===== Provided material =====

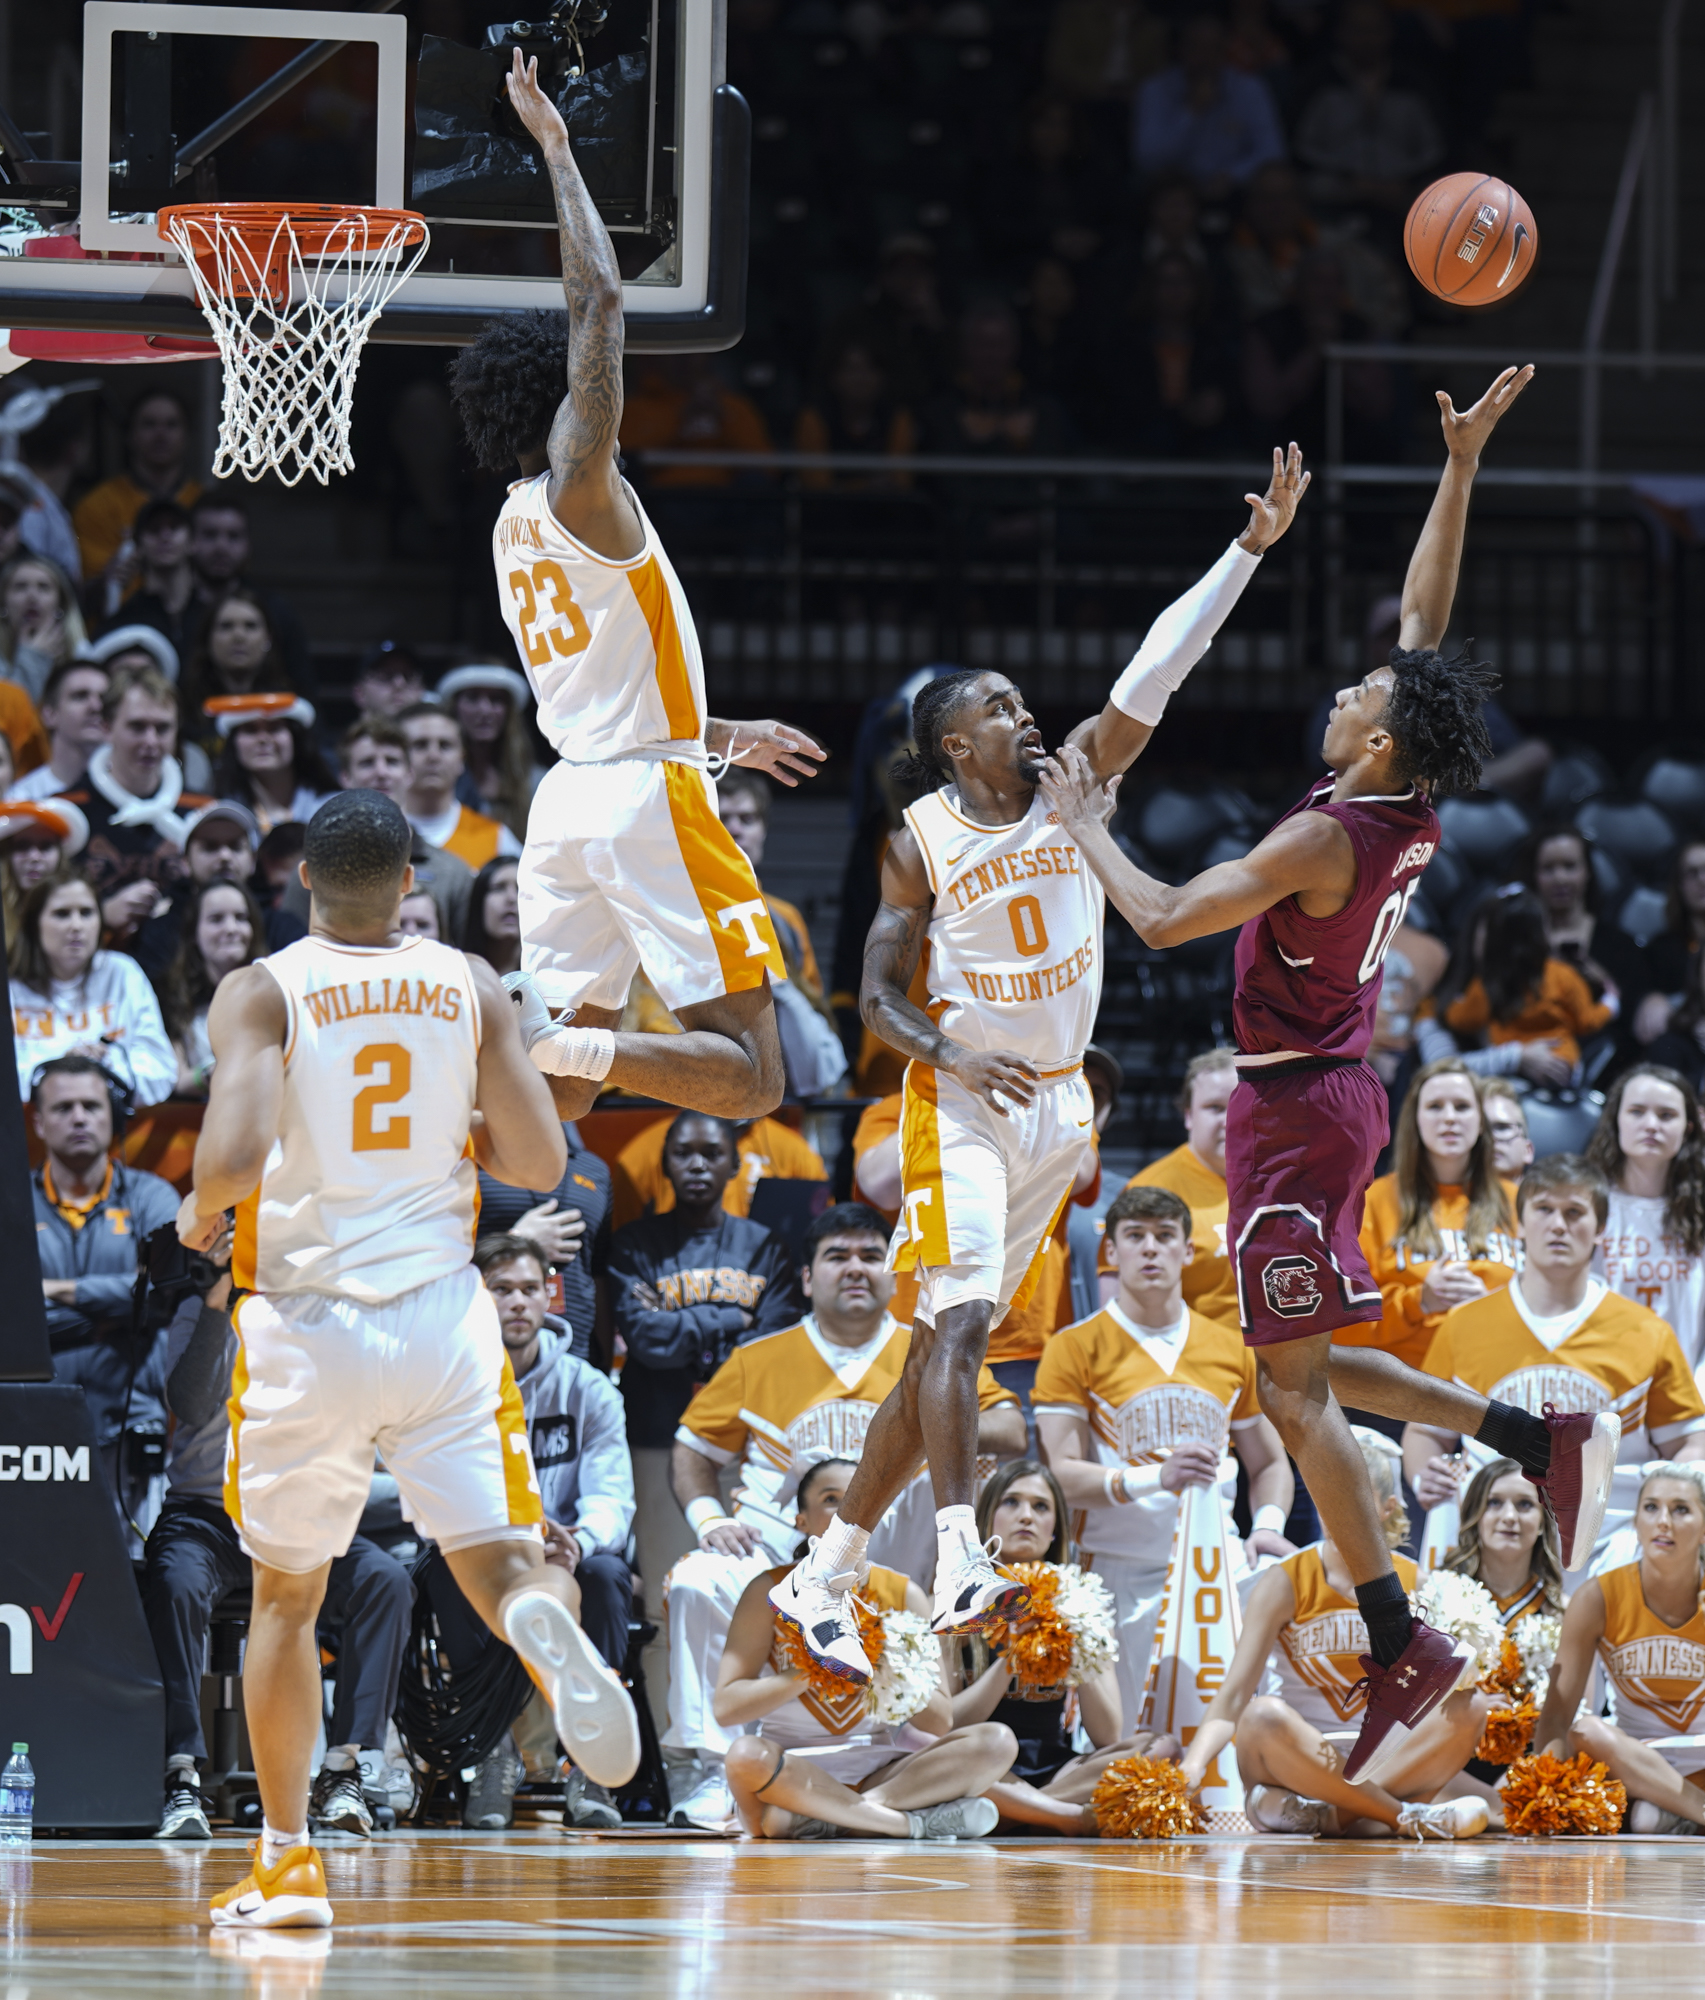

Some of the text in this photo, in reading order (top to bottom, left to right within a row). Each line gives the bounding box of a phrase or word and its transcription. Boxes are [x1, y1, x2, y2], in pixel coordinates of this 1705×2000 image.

[1457, 204, 1499, 263] ELITE
[509, 559, 592, 667] 23
[947, 847, 1080, 912] TENNESSEE
[716, 898, 770, 957] T
[1007, 895, 1049, 957] 0
[961, 935, 1093, 1003] VOLUNTEERS
[303, 978, 462, 1029] WILLIAMS
[352, 1043, 411, 1152] 2
[104, 1208, 131, 1235] T
[1602, 1236, 1650, 1257] EED
[1606, 1260, 1690, 1286] FLOOR
[1636, 1286, 1662, 1309] T
[1192, 1546, 1226, 1704] VOLS
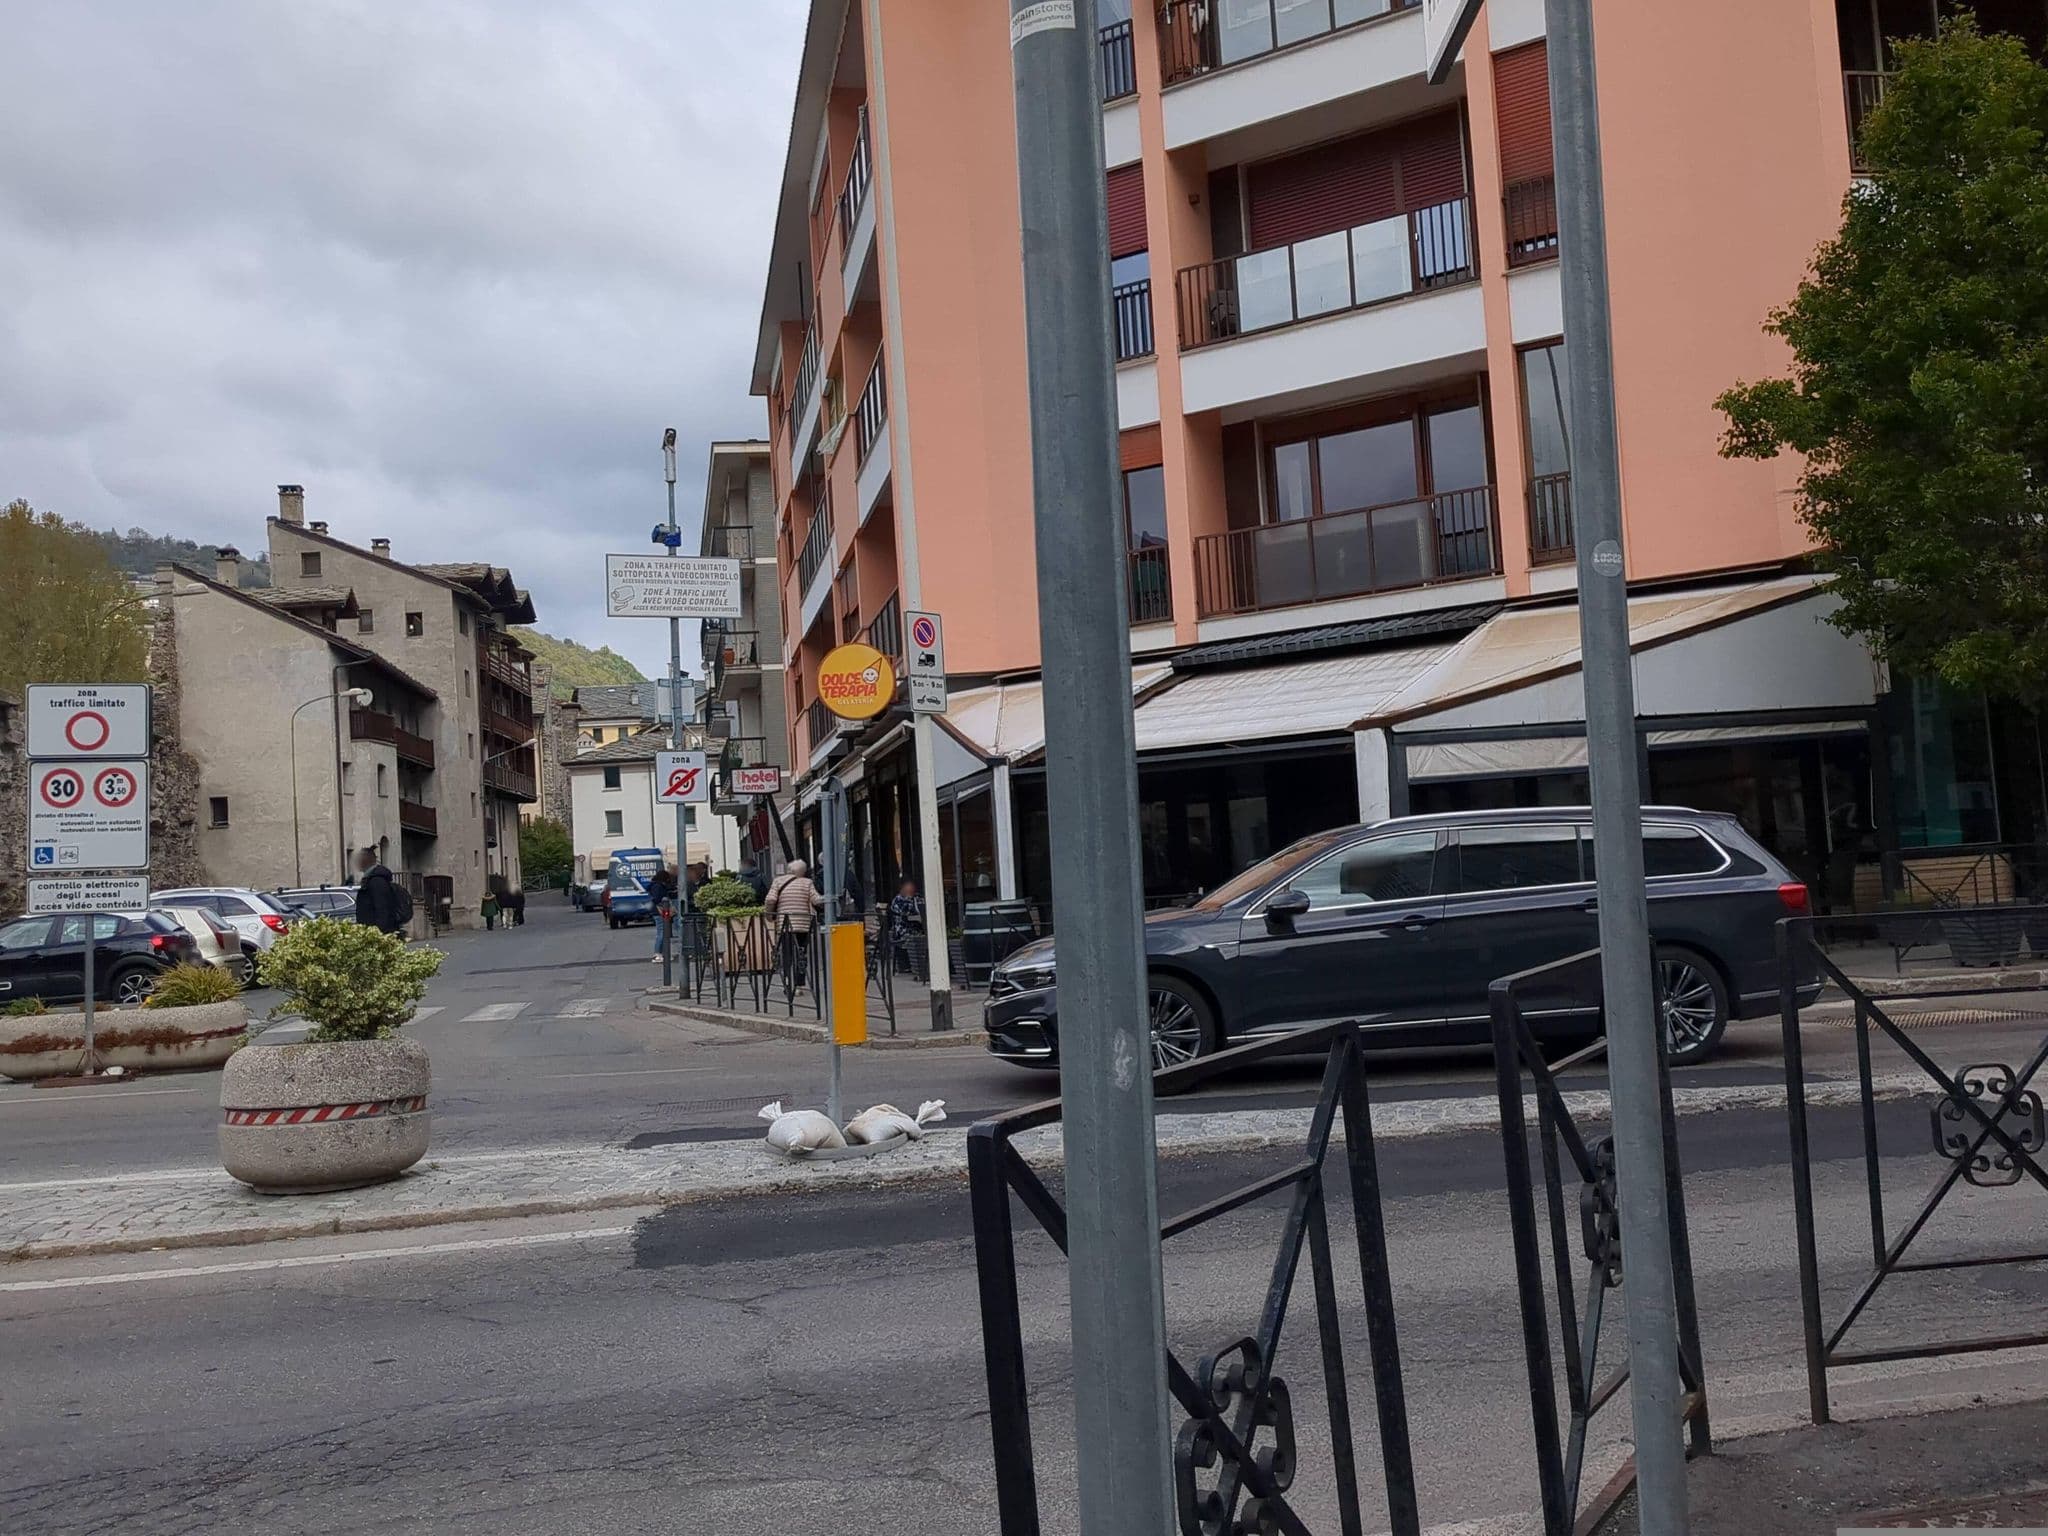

=====

Exercise objective: Copy out the data exactly and keep the pictures out.

Task answer:
Some of the text in this photo, in reading order (top to bottom, left to right within a row). Each line gives the bounding box of a phrase or word and its transcription. Boxes are [x1, y1, x2, y2], in pixel coordinates of this 1705×2000 image.

[1457, 204, 1499, 263] ELITE
[509, 559, 592, 667] 23
[947, 847, 1080, 912] TENNESSEE
[716, 898, 770, 957] T
[1007, 895, 1049, 957] 0
[961, 935, 1093, 1003] VOLUNTEERS
[303, 978, 462, 1029] WILLIAMS
[352, 1043, 411, 1152] 2
[104, 1208, 131, 1235] T
[1602, 1236, 1650, 1257] EED
[1606, 1260, 1690, 1286] FLOOR
[1636, 1286, 1662, 1309] T
[1192, 1546, 1226, 1704] VOLS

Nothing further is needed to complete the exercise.